MATERIAL FOR THE TASK below:
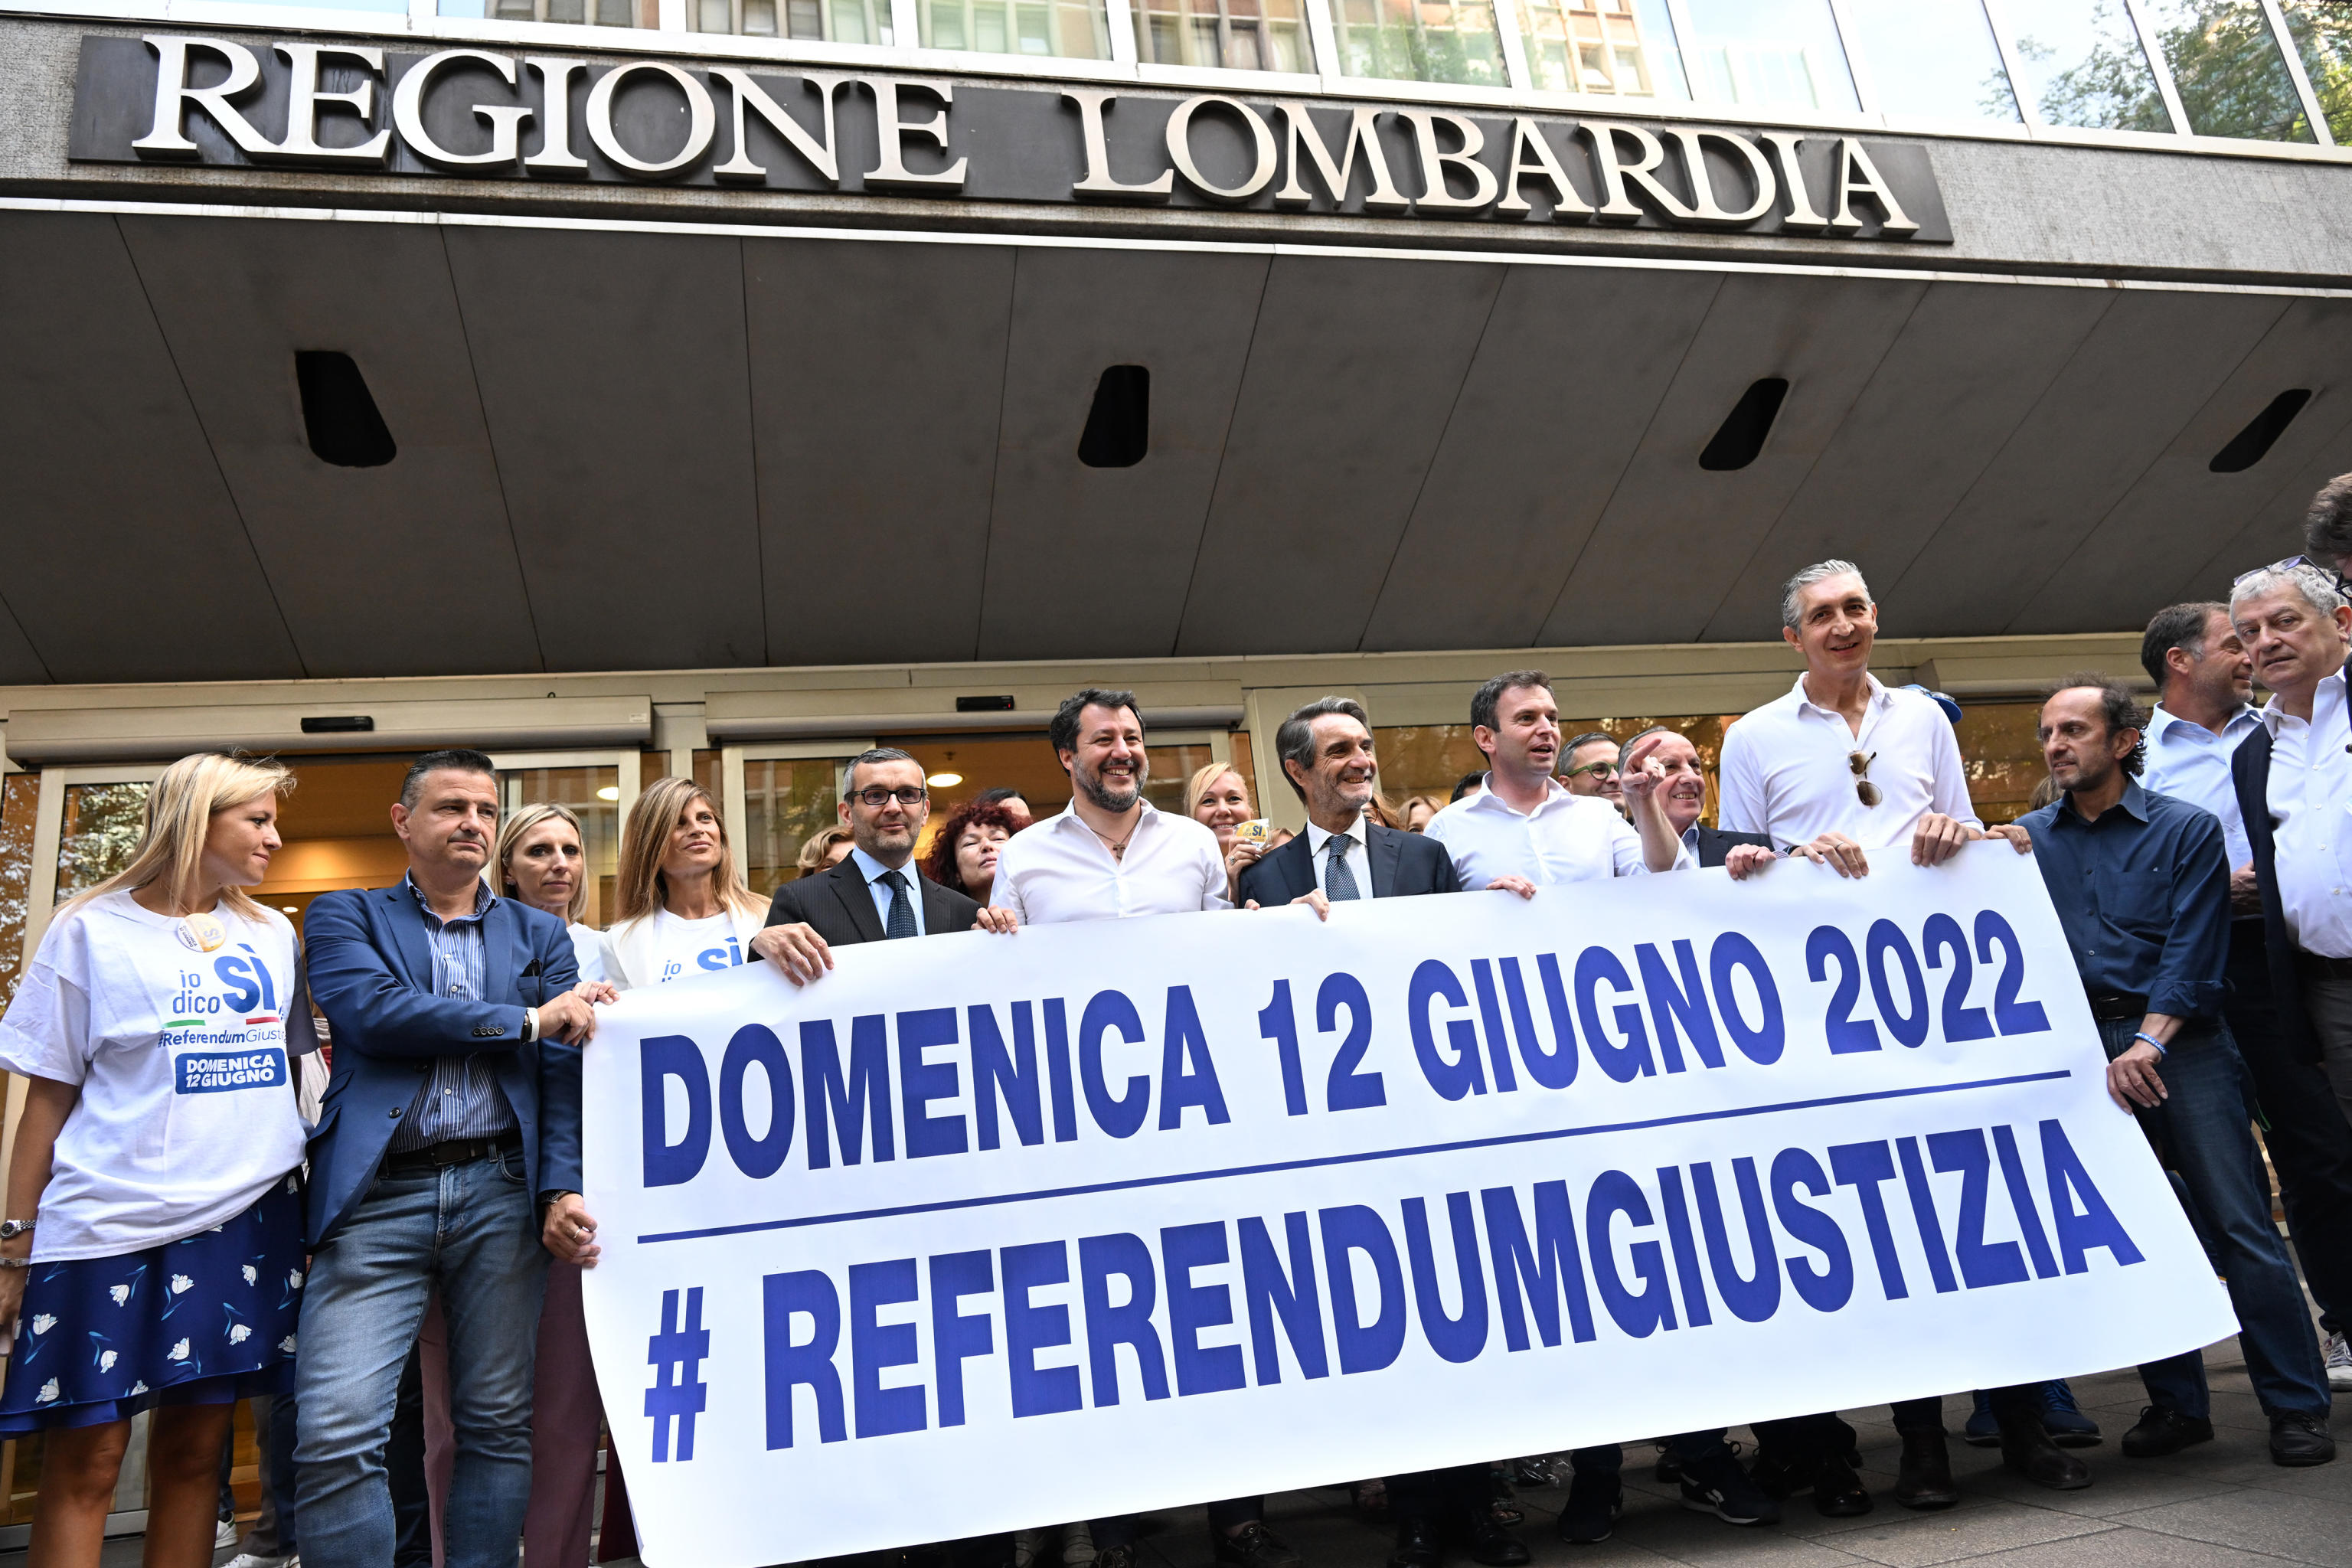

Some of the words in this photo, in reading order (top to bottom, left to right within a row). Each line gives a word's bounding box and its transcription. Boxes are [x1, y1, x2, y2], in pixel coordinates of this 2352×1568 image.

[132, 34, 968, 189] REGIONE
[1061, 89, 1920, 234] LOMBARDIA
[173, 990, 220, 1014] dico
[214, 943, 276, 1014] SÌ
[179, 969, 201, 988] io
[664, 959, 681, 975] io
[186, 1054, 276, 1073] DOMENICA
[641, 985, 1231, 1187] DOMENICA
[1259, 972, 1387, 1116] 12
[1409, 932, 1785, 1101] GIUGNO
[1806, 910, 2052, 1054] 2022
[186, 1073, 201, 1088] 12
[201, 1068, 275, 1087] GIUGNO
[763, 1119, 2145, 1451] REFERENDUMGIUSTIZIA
End of MATERIAL FOR THE TASK.
## ABOUT THIS EXERCISE
Every line of the material must be repeated exactly; pictures stay out.

## EXERCISE ANSWER
Some of the words in this photo, in reading order (top to bottom, left to right within a row). Each line gives a word's bounding box and its transcription. Boxes are [x1, y1, x2, y2], in pixel coordinates of this 2352×1568 image.

[132, 34, 968, 189] REGIONE
[1061, 89, 1920, 234] LOMBARDIA
[173, 990, 220, 1014] dico
[214, 943, 276, 1014] SÌ
[179, 969, 201, 988] io
[664, 959, 681, 975] io
[186, 1054, 276, 1073] DOMENICA
[641, 985, 1231, 1187] DOMENICA
[1259, 972, 1387, 1116] 12
[1409, 932, 1785, 1101] GIUGNO
[1806, 910, 2052, 1054] 2022
[186, 1073, 201, 1088] 12
[201, 1068, 275, 1087] GIUGNO
[763, 1119, 2145, 1451] REFERENDUMGIUSTIZIA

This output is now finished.